**Your task:**
Only the lines from the line holding "this 1280×1600 image." through the final line of the entries below are to be returned, exactly as they stand.

**Excerpted data:**
........

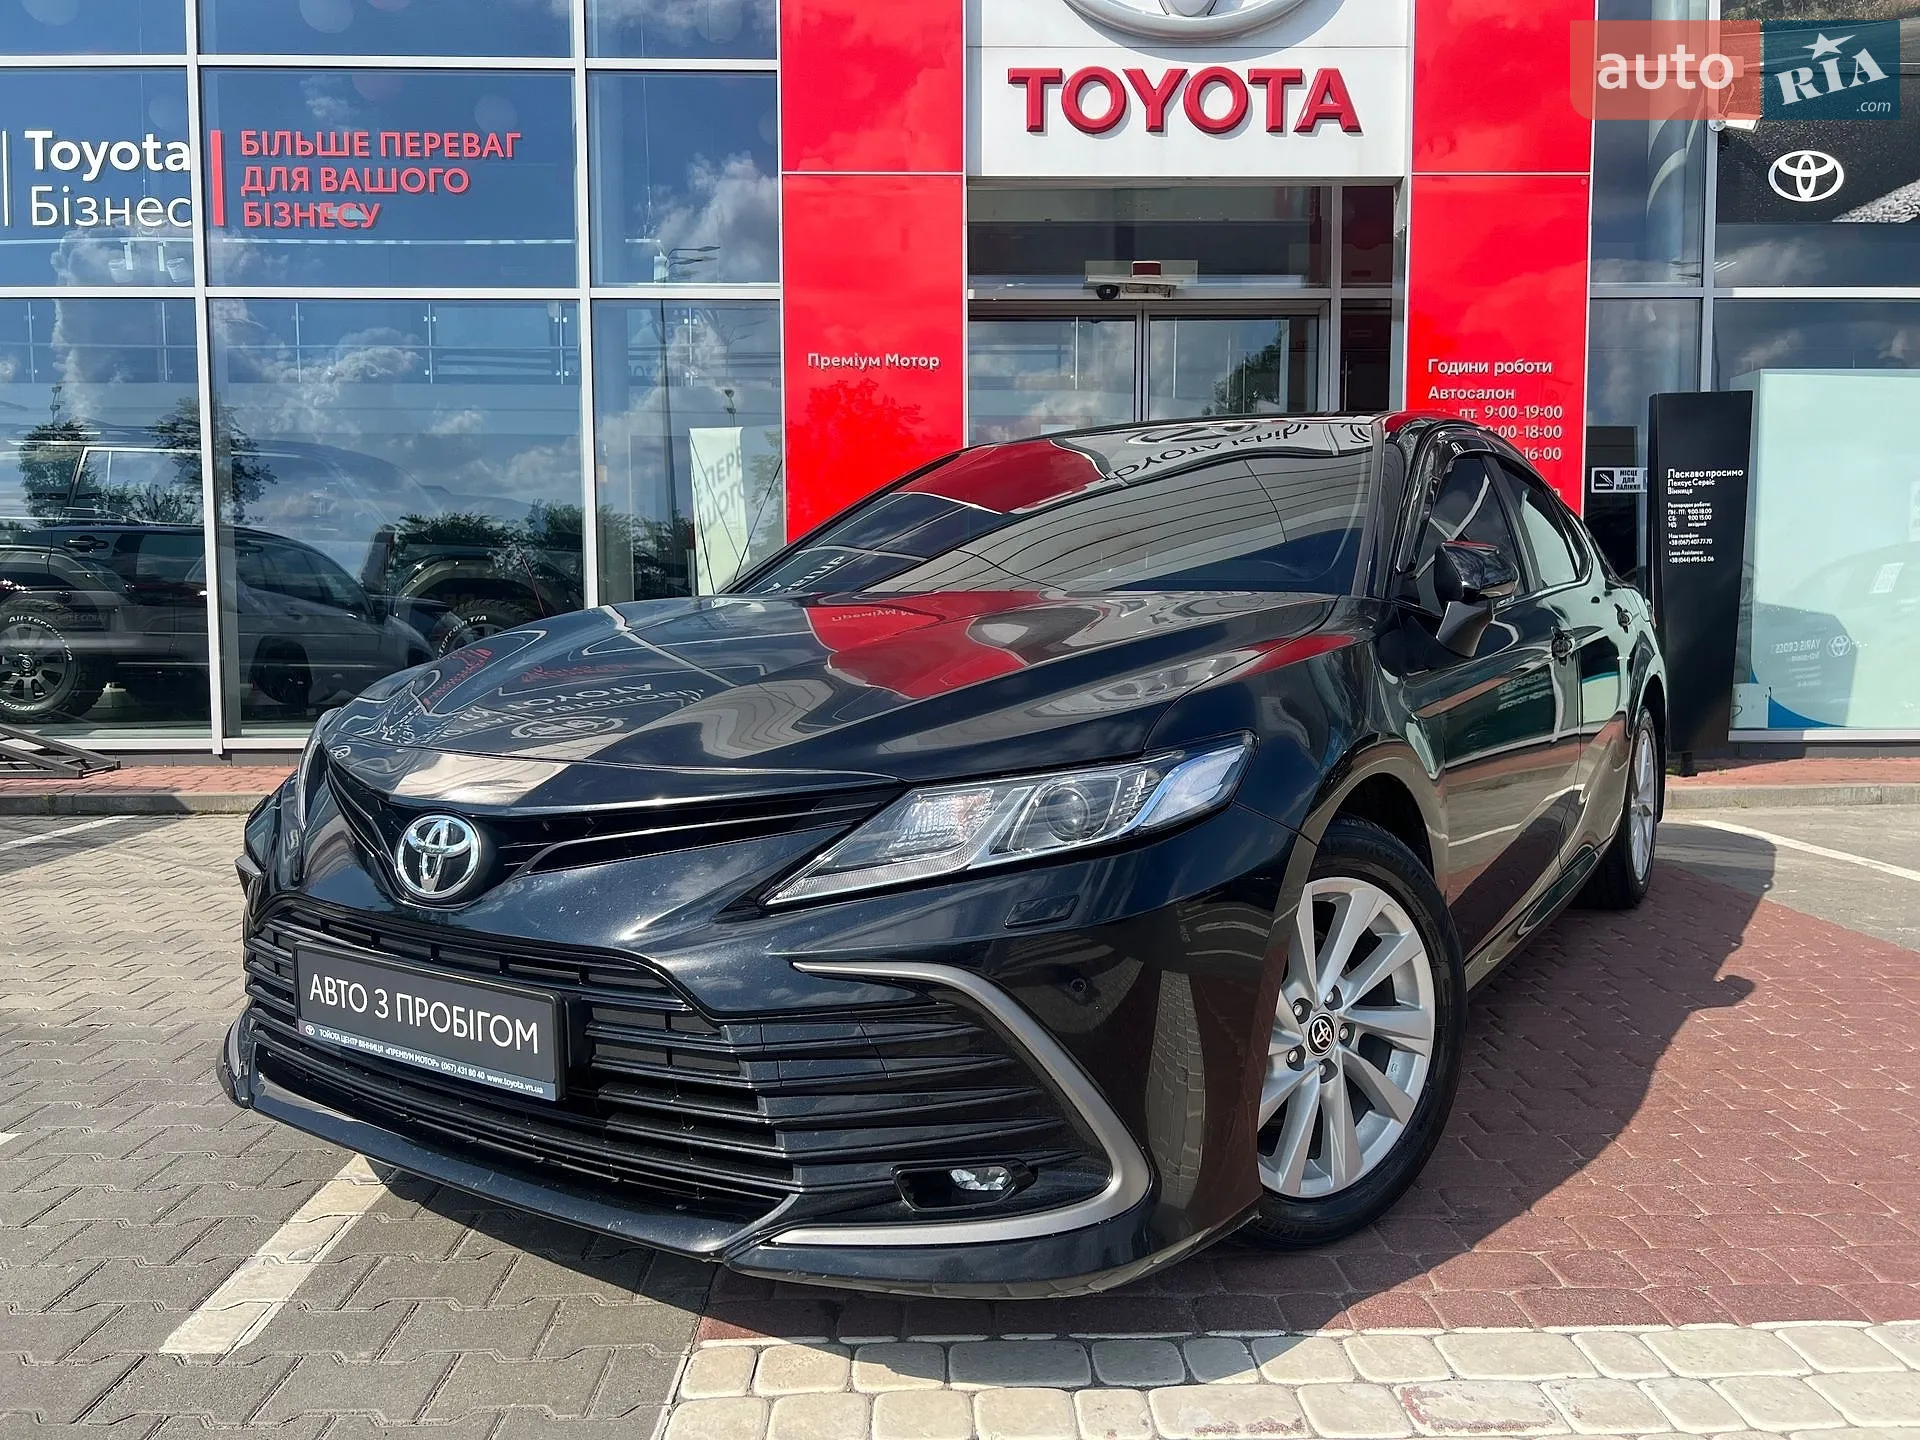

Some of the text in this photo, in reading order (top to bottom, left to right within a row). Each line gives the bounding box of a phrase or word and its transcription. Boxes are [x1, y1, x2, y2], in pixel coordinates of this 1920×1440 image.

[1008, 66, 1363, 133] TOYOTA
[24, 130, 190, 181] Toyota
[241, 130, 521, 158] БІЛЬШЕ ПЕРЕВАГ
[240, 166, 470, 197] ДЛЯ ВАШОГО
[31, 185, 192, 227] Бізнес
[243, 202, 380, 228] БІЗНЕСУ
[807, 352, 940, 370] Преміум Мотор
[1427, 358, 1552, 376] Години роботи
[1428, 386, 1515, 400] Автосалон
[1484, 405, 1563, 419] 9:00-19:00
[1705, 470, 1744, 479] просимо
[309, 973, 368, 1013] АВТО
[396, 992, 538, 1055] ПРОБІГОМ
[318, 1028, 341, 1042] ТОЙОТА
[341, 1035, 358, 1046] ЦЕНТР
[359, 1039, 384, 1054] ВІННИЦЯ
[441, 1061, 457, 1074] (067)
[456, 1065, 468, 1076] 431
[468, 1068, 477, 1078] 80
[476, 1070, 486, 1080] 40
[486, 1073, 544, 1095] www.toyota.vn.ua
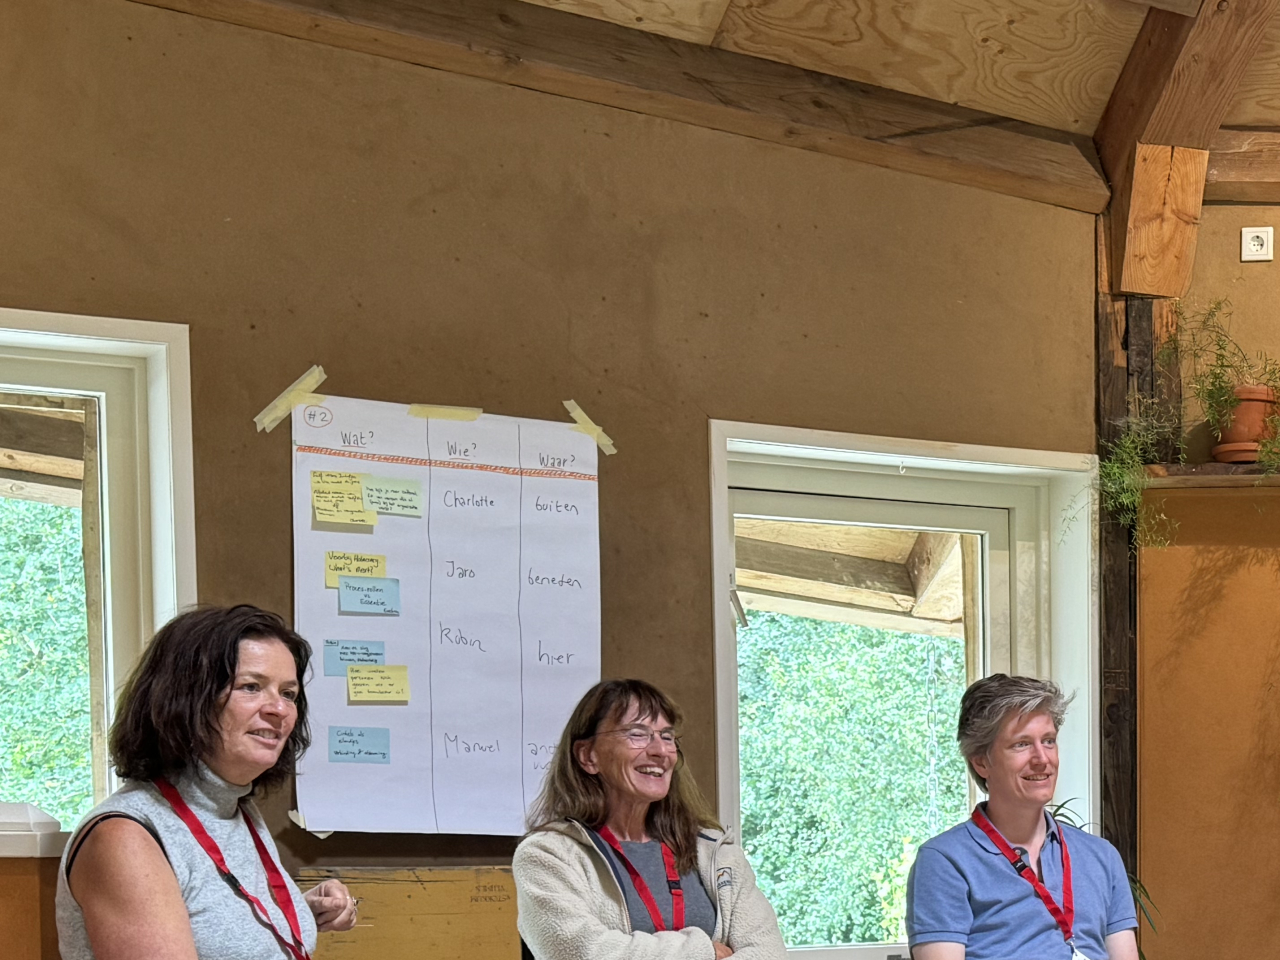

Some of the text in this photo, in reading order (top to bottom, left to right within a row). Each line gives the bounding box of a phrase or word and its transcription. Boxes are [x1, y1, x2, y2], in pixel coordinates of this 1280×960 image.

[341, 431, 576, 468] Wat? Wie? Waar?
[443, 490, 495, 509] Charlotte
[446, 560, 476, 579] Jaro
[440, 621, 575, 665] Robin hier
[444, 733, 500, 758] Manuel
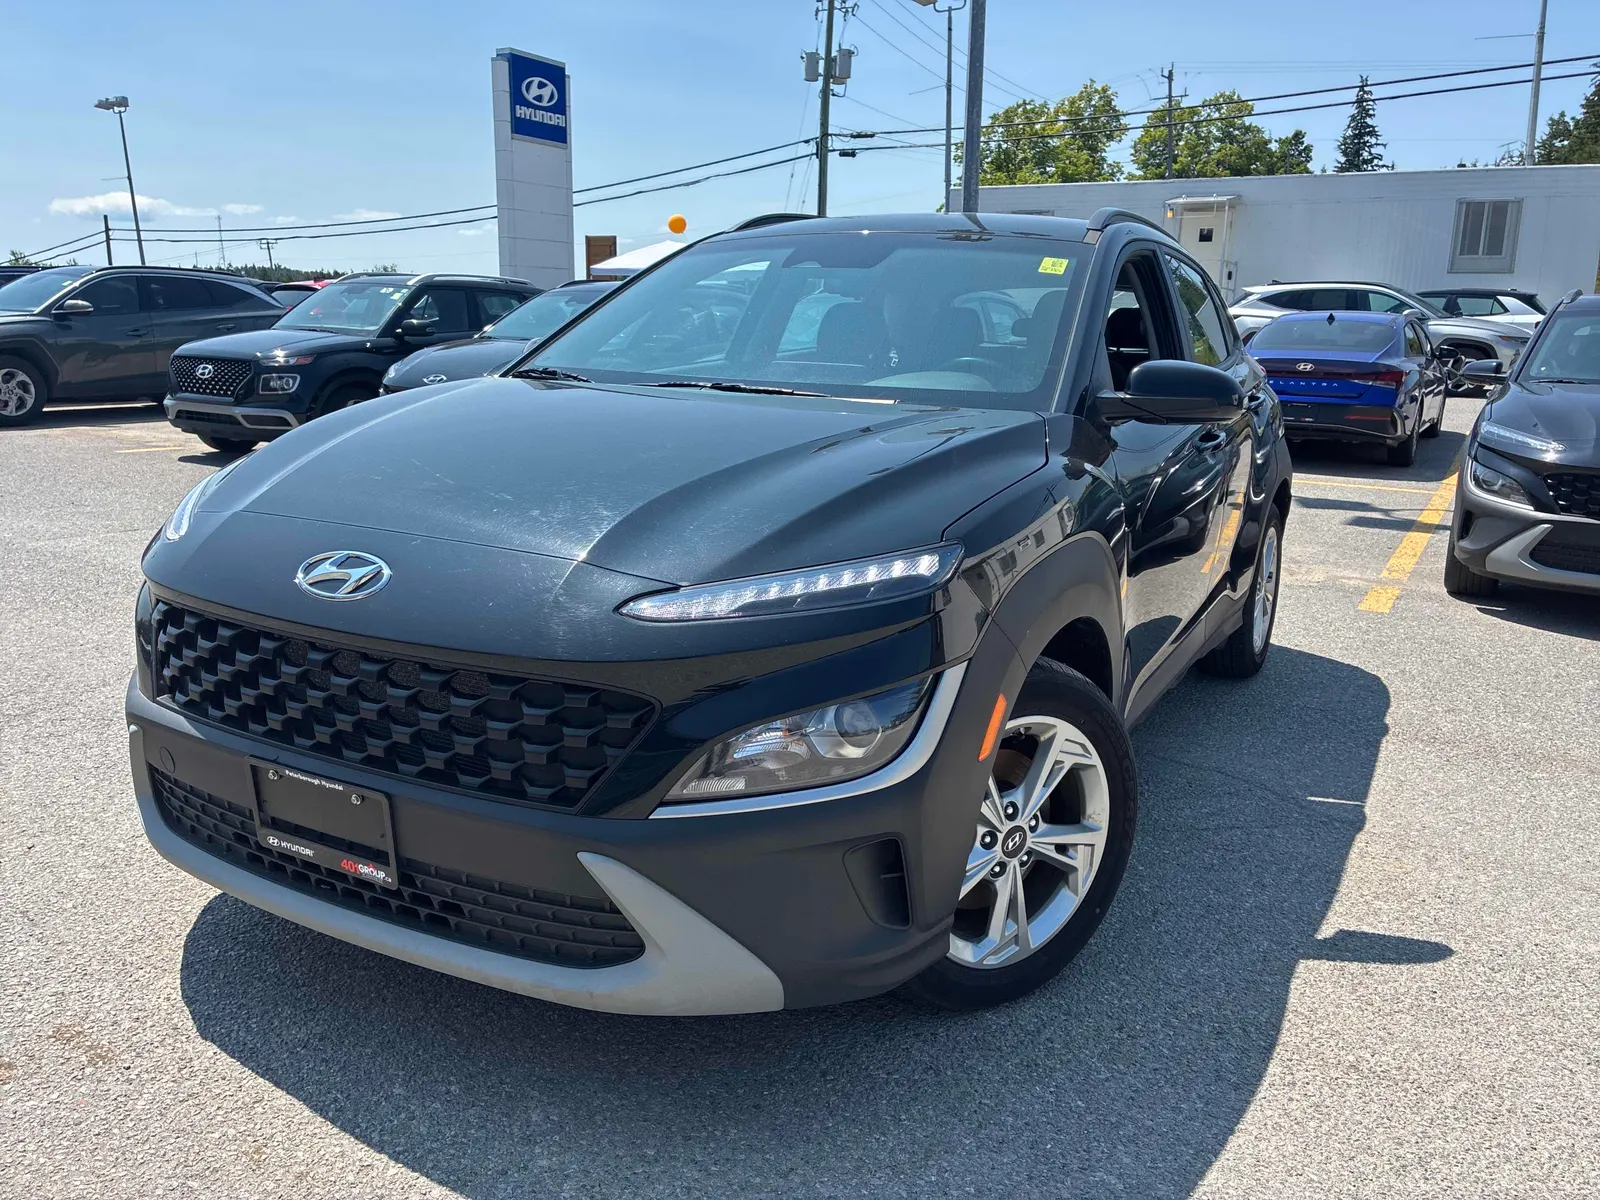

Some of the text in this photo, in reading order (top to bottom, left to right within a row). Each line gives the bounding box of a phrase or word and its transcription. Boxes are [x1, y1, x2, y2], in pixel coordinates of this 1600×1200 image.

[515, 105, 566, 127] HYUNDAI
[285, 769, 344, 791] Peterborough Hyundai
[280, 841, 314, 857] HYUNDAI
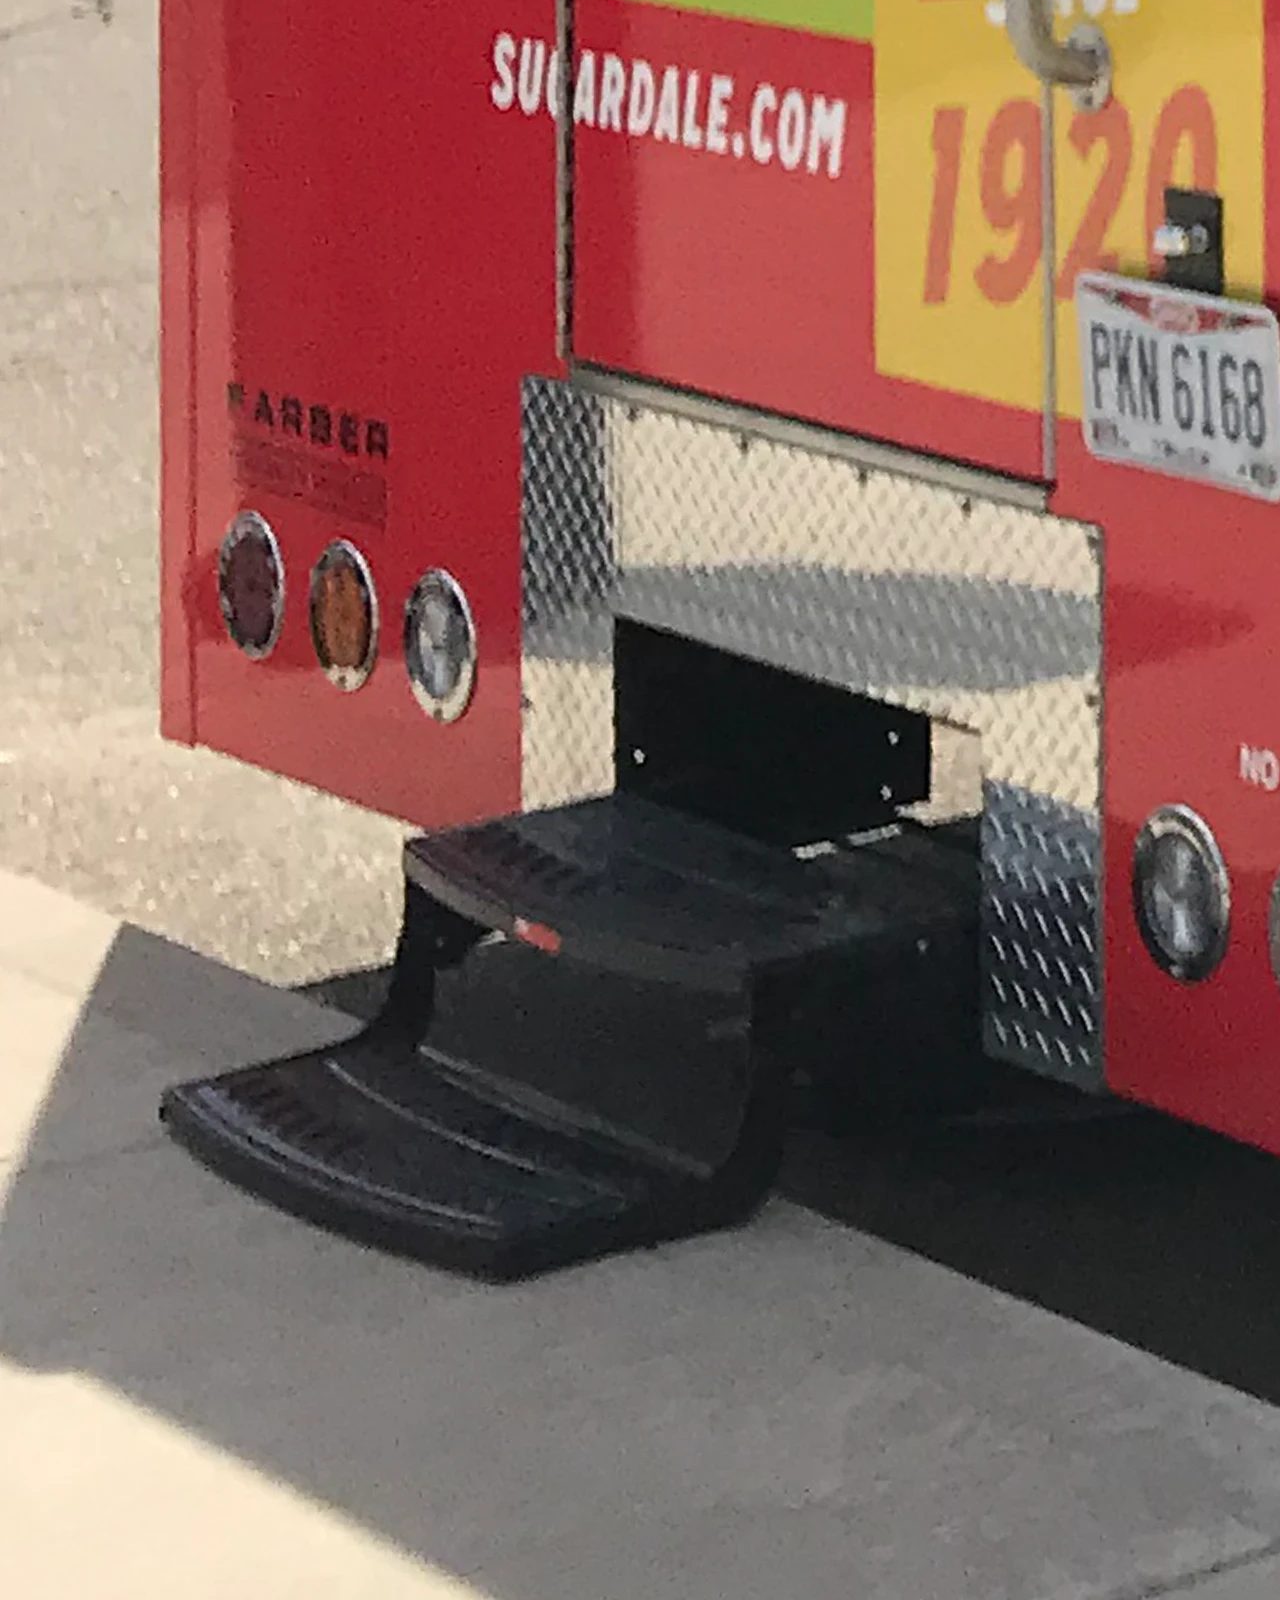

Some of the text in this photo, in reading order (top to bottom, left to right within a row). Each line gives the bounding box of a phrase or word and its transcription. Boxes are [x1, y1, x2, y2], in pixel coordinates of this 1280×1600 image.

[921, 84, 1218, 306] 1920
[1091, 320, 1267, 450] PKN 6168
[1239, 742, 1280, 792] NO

........

**Exercise solution:**
Some of the text in this photo, in reading order (top to bottom, left to right within a row). Each line gives the bounding box of a phrase or word and its transcription. Boxes are [x1, y1, x2, y2], in pixel coordinates of this 1280×1600 image.

[921, 84, 1218, 306] 1920
[1091, 320, 1267, 450] PKN 6168
[1239, 742, 1280, 792] NO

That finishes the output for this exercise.